Could you please reproduce every record below exactly, leaving out the pictures?

Supplied material START

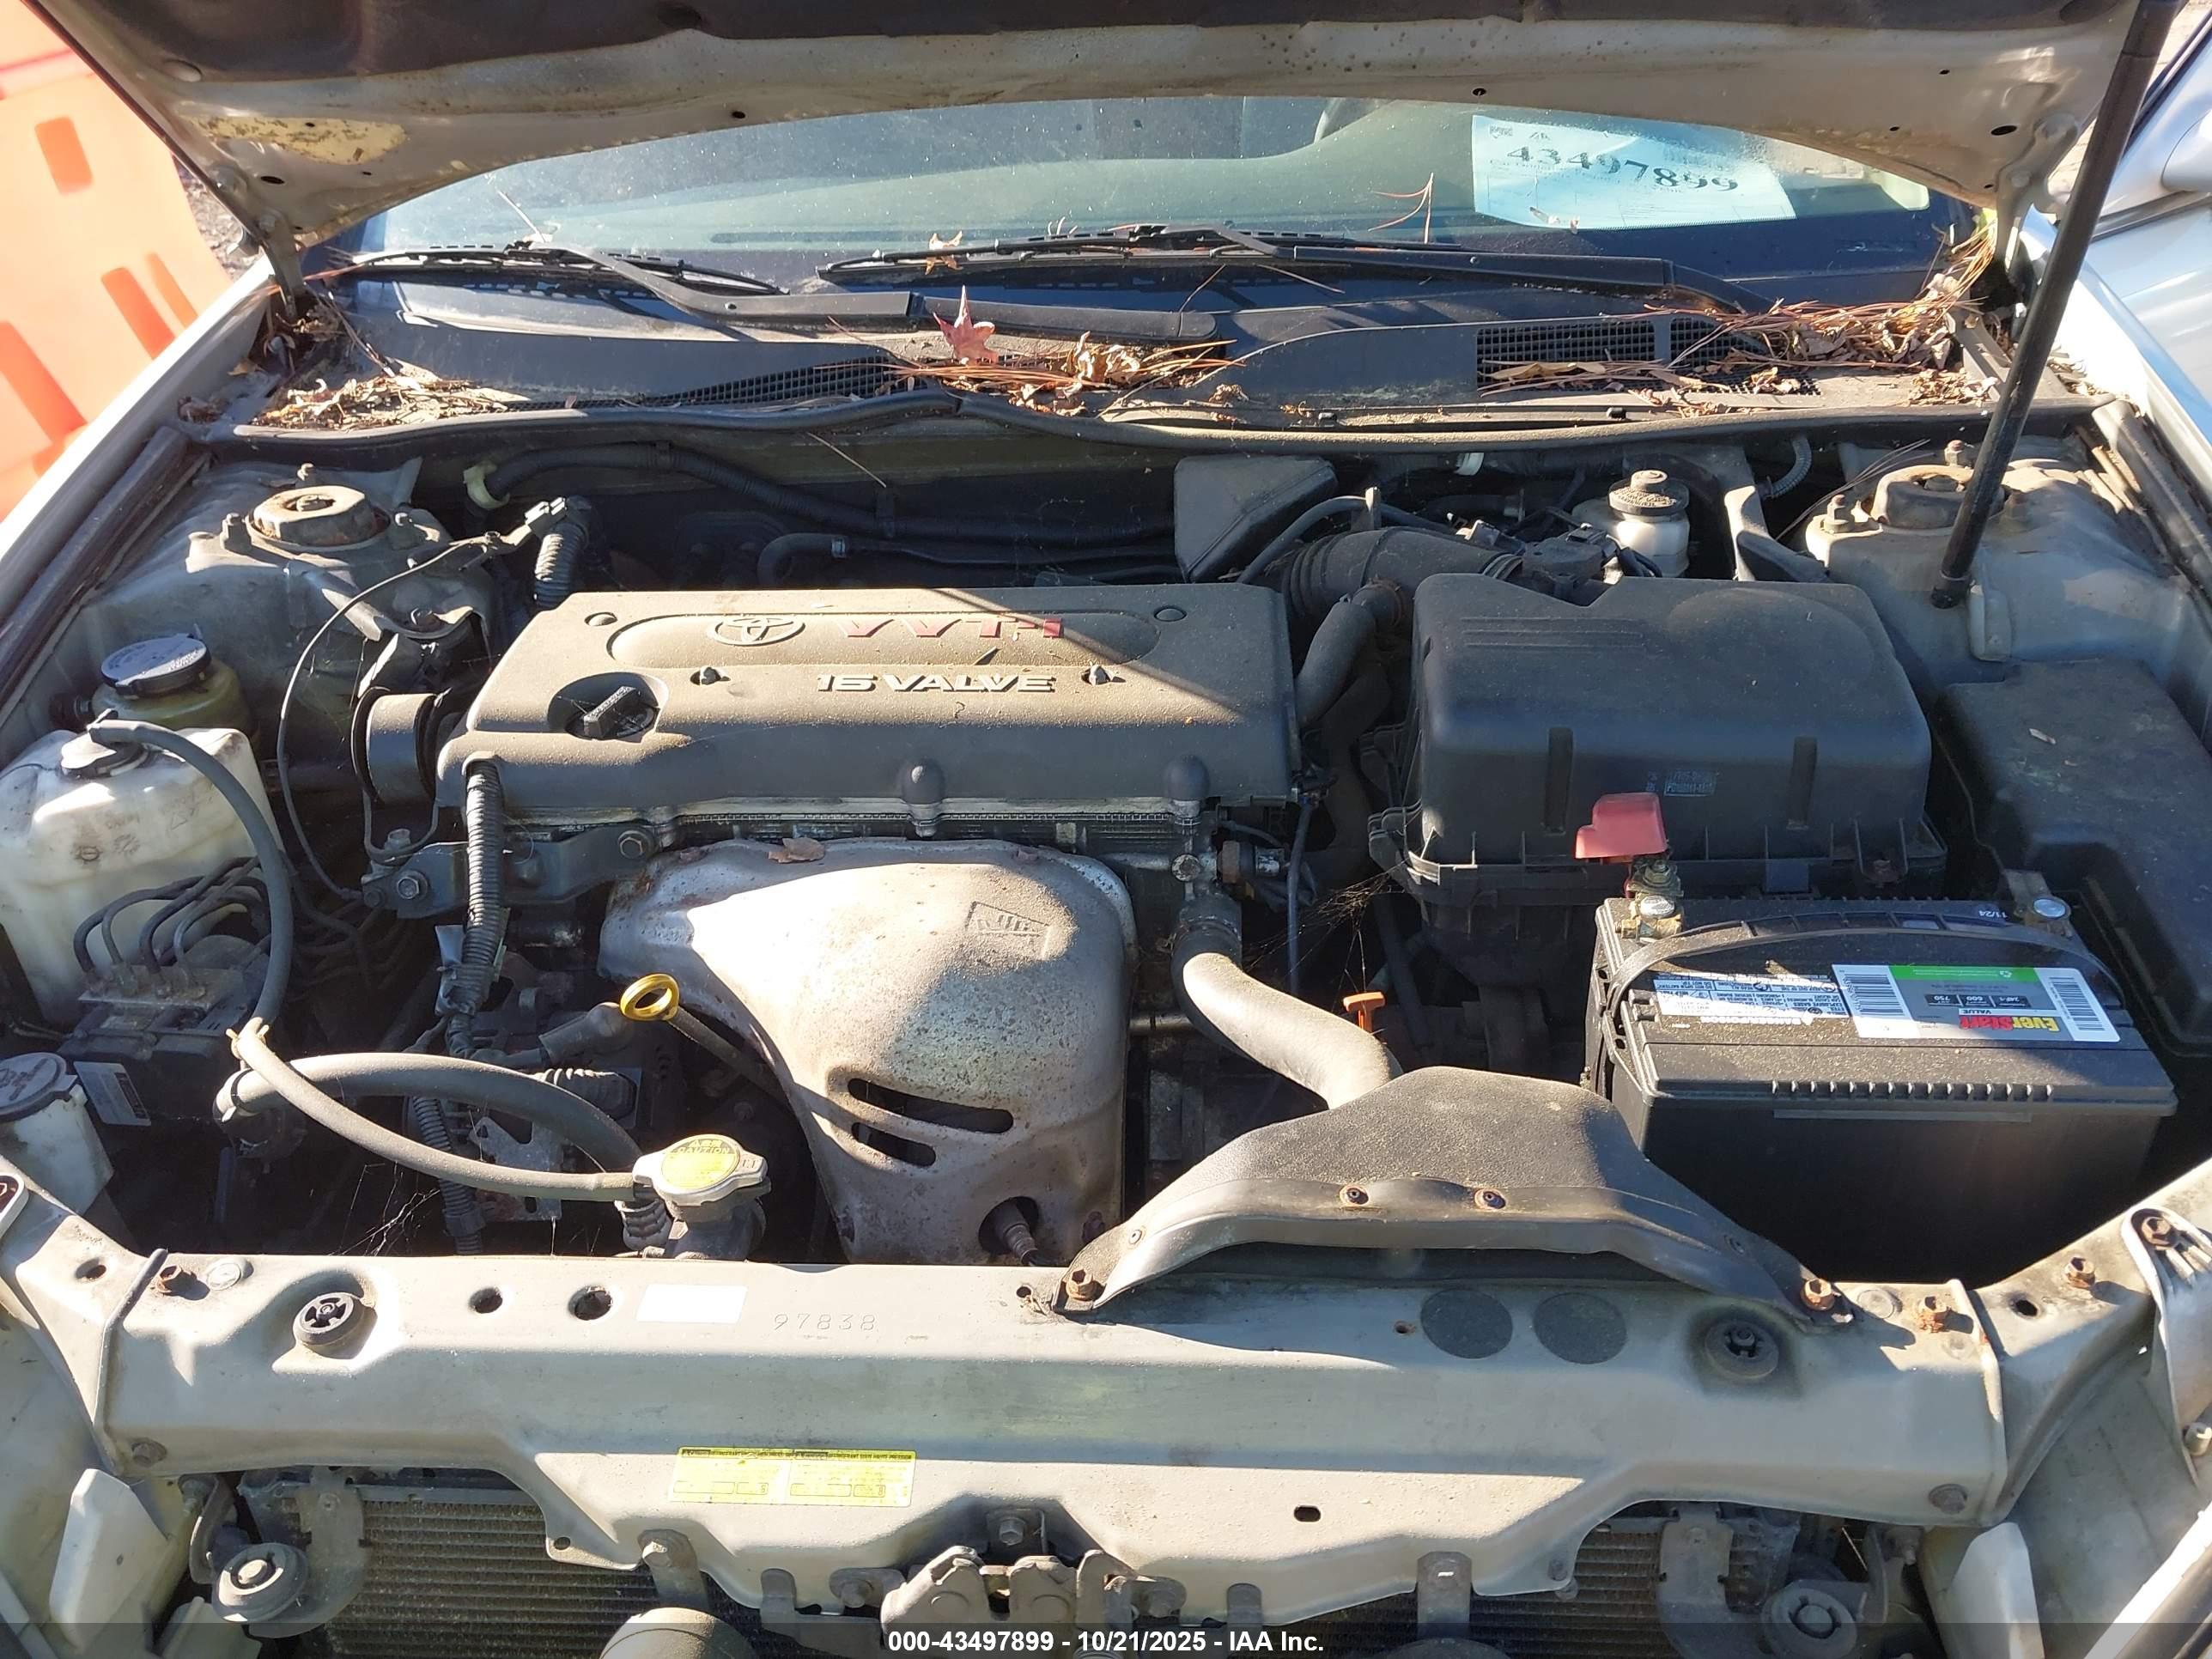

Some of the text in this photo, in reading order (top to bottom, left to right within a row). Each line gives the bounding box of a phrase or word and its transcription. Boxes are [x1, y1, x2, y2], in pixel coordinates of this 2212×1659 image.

[1506, 145, 1739, 191] 43497899
[817, 673, 1057, 693] 16 VALVE
[1960, 1017, 2060, 1032] EverStart
[677, 1146, 730, 1155] CAUTION
[774, 1312, 877, 1332] 97838
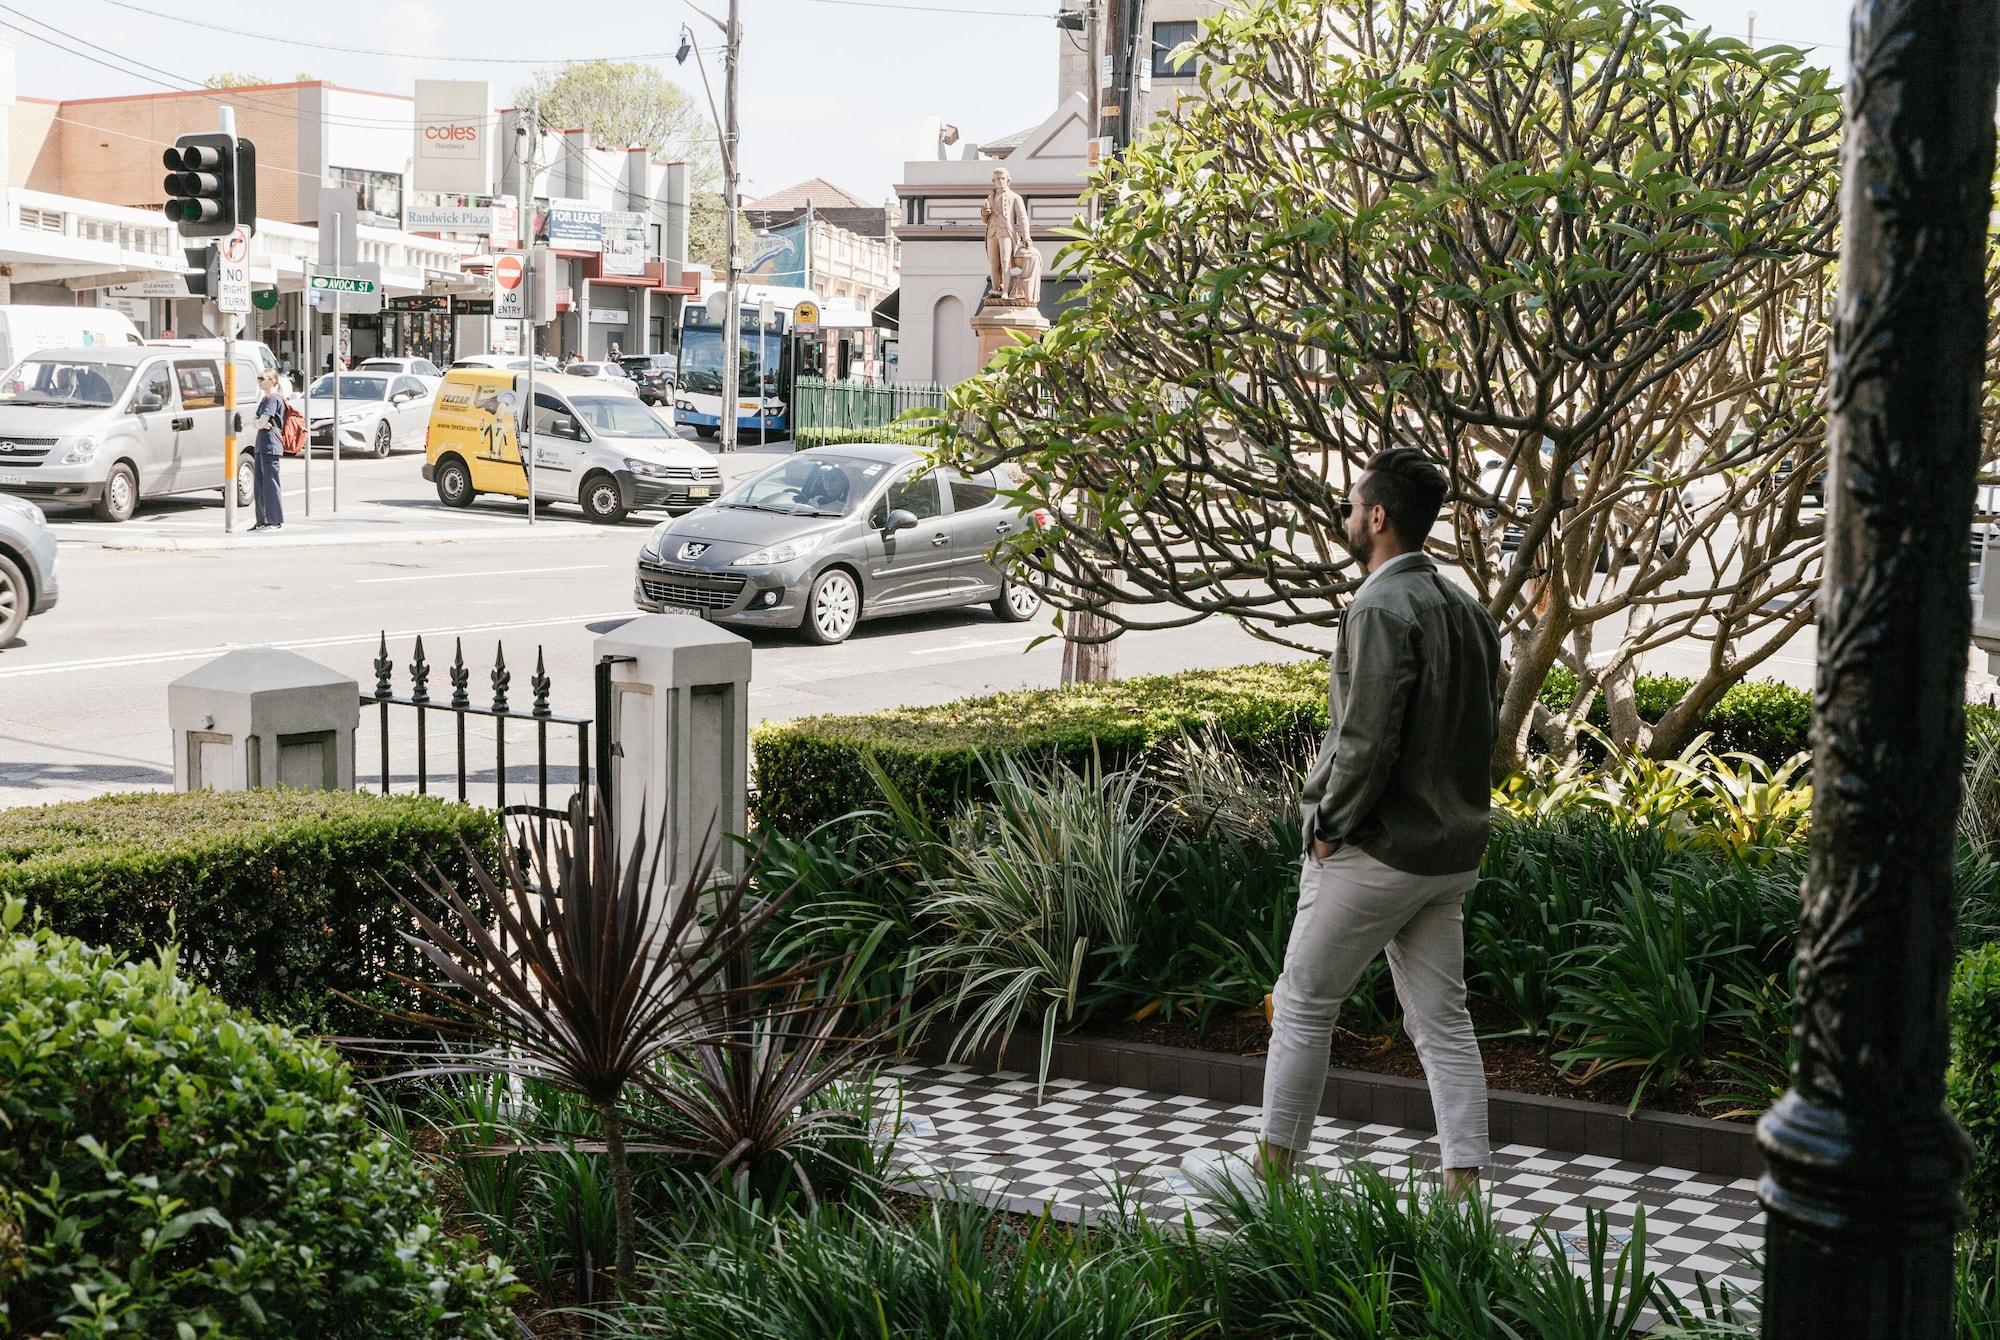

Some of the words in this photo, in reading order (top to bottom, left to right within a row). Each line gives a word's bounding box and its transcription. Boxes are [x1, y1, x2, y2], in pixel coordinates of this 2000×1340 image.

[426, 124, 476, 141] coles
[408, 211, 458, 223] Randwick
[462, 212, 490, 224] Plaza
[552, 211, 572, 222] FOR
[573, 212, 600, 224] LEASE
[227, 269, 243, 282] NO
[224, 285, 247, 294] RIGHT
[328, 279, 355, 291] AVOCA
[358, 281, 369, 292] ST
[224, 297, 246, 306] TURN
[503, 293, 516, 303] NO
[498, 306, 521, 314] ENTRY
[442, 394, 470, 405] TEXTAR
[437, 423, 478, 432] www.textar.com

Supplied material END

▸ **Response to the task**:
Some of the text in this photo, in reading order (top to bottom, left to right within a row). Each line gives the bounding box of a phrase or word and its transcription. Boxes are [x1, y1, x2, y2], in pixel coordinates of this 2212×1659 image.

[1506, 145, 1739, 191] 43497899
[817, 673, 1057, 693] 16 VALVE
[1960, 1017, 2060, 1032] EverStart
[677, 1146, 730, 1155] CAUTION
[774, 1312, 877, 1332] 97838

Some of the words in this photo, in reading order (top to bottom, left to right within a row). Each line gives a word's bounding box and its transcription. Boxes are [x1, y1, x2, y2], in pixel coordinates of this 2000×1340 image.

[426, 124, 476, 141] coles
[408, 211, 458, 223] Randwick
[462, 212, 490, 224] Plaza
[552, 211, 572, 222] FOR
[573, 212, 600, 224] LEASE
[227, 269, 243, 282] NO
[224, 285, 247, 294] RIGHT
[328, 279, 355, 291] AVOCA
[358, 281, 369, 292] ST
[224, 297, 246, 306] TURN
[503, 293, 516, 303] NO
[498, 306, 521, 314] ENTRY
[442, 394, 470, 405] TEXTAR
[437, 423, 478, 432] www.textar.com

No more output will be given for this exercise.